### Task brief
Everything in the entries except the pictures must be repeated exactly.

### Working data
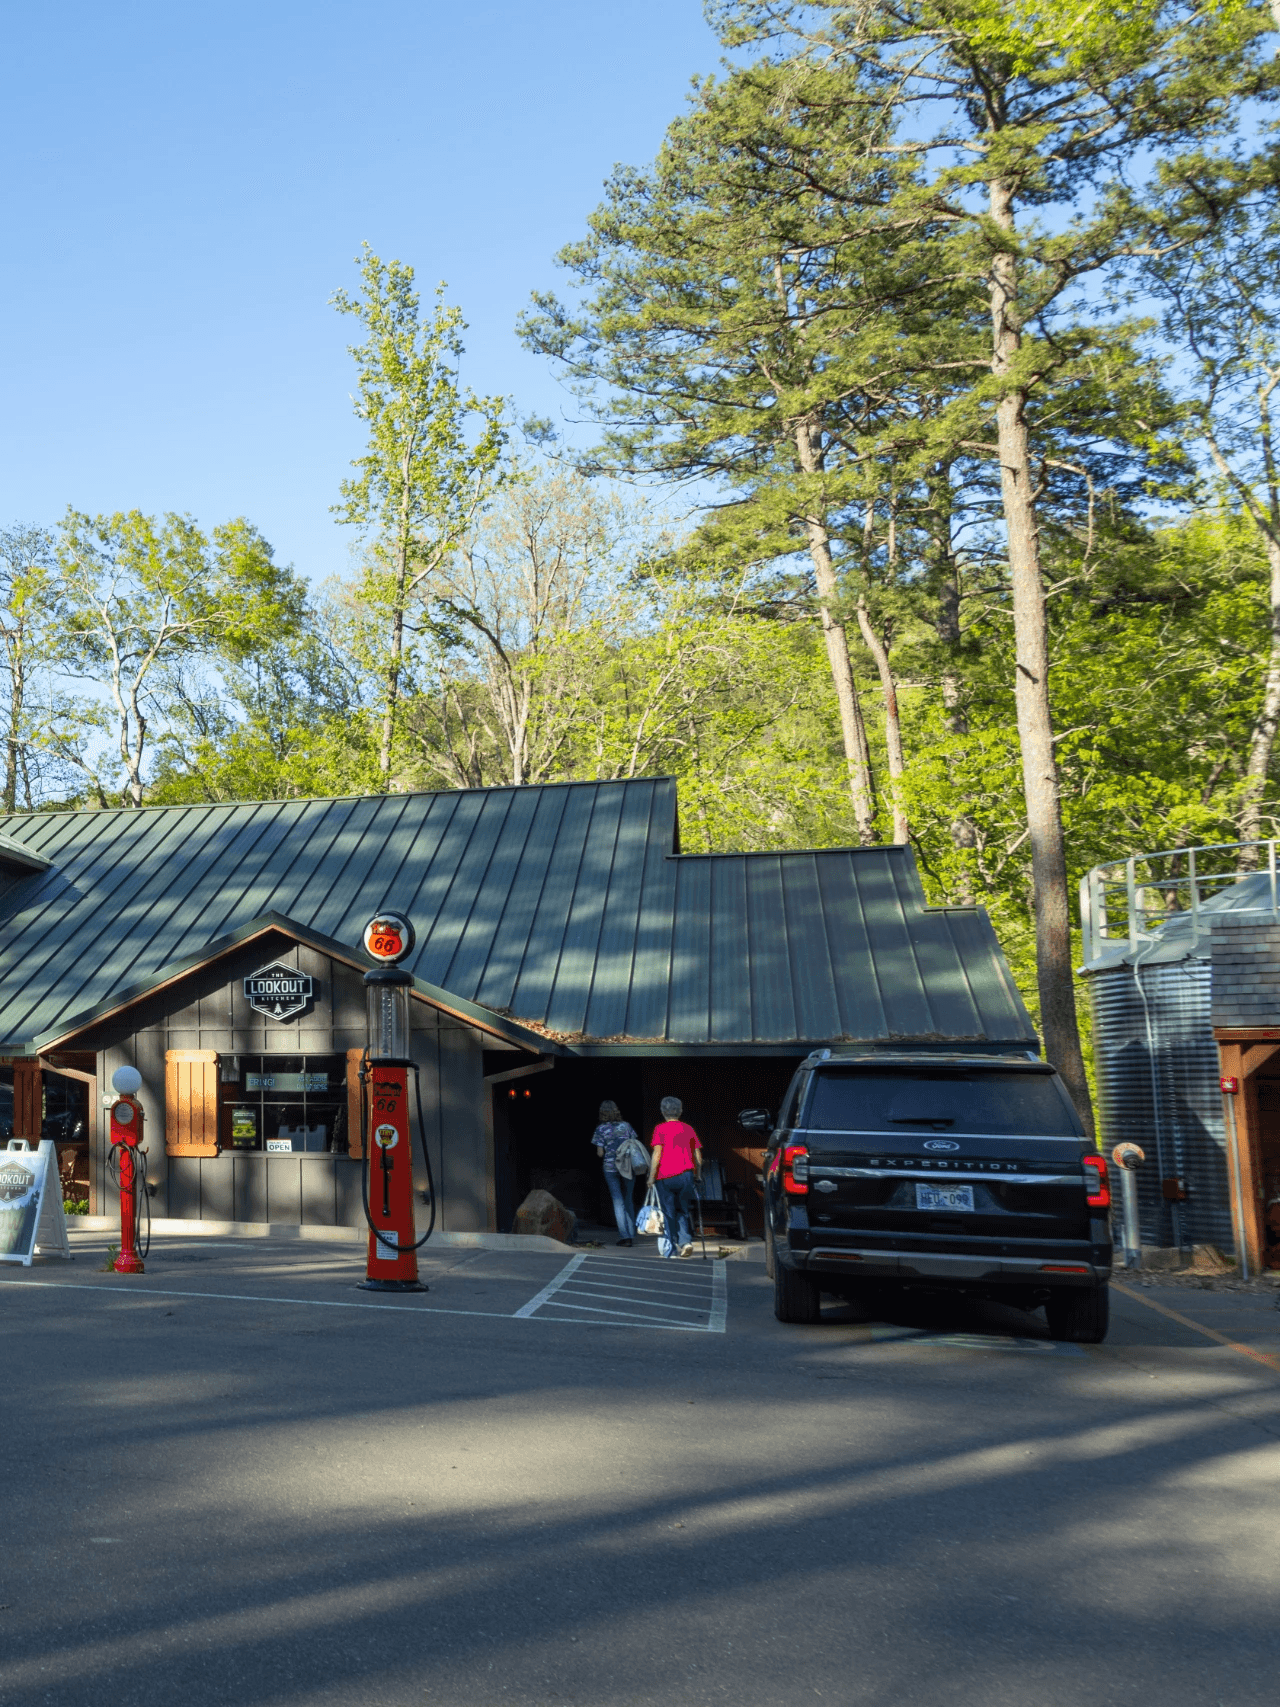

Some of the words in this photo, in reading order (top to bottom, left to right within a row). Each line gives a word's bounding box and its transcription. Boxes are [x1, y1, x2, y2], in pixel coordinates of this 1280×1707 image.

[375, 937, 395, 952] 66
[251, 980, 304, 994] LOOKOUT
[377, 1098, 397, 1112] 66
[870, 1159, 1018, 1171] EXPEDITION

### Answer to the exercise
Some of the words in this photo, in reading order (top to bottom, left to right within a row). Each line gives a word's bounding box and its transcription. Boxes are [x1, y1, x2, y2], in pixel coordinates of this 1280×1707 image.

[375, 937, 395, 952] 66
[251, 980, 304, 994] LOOKOUT
[377, 1098, 397, 1112] 66
[870, 1159, 1018, 1171] EXPEDITION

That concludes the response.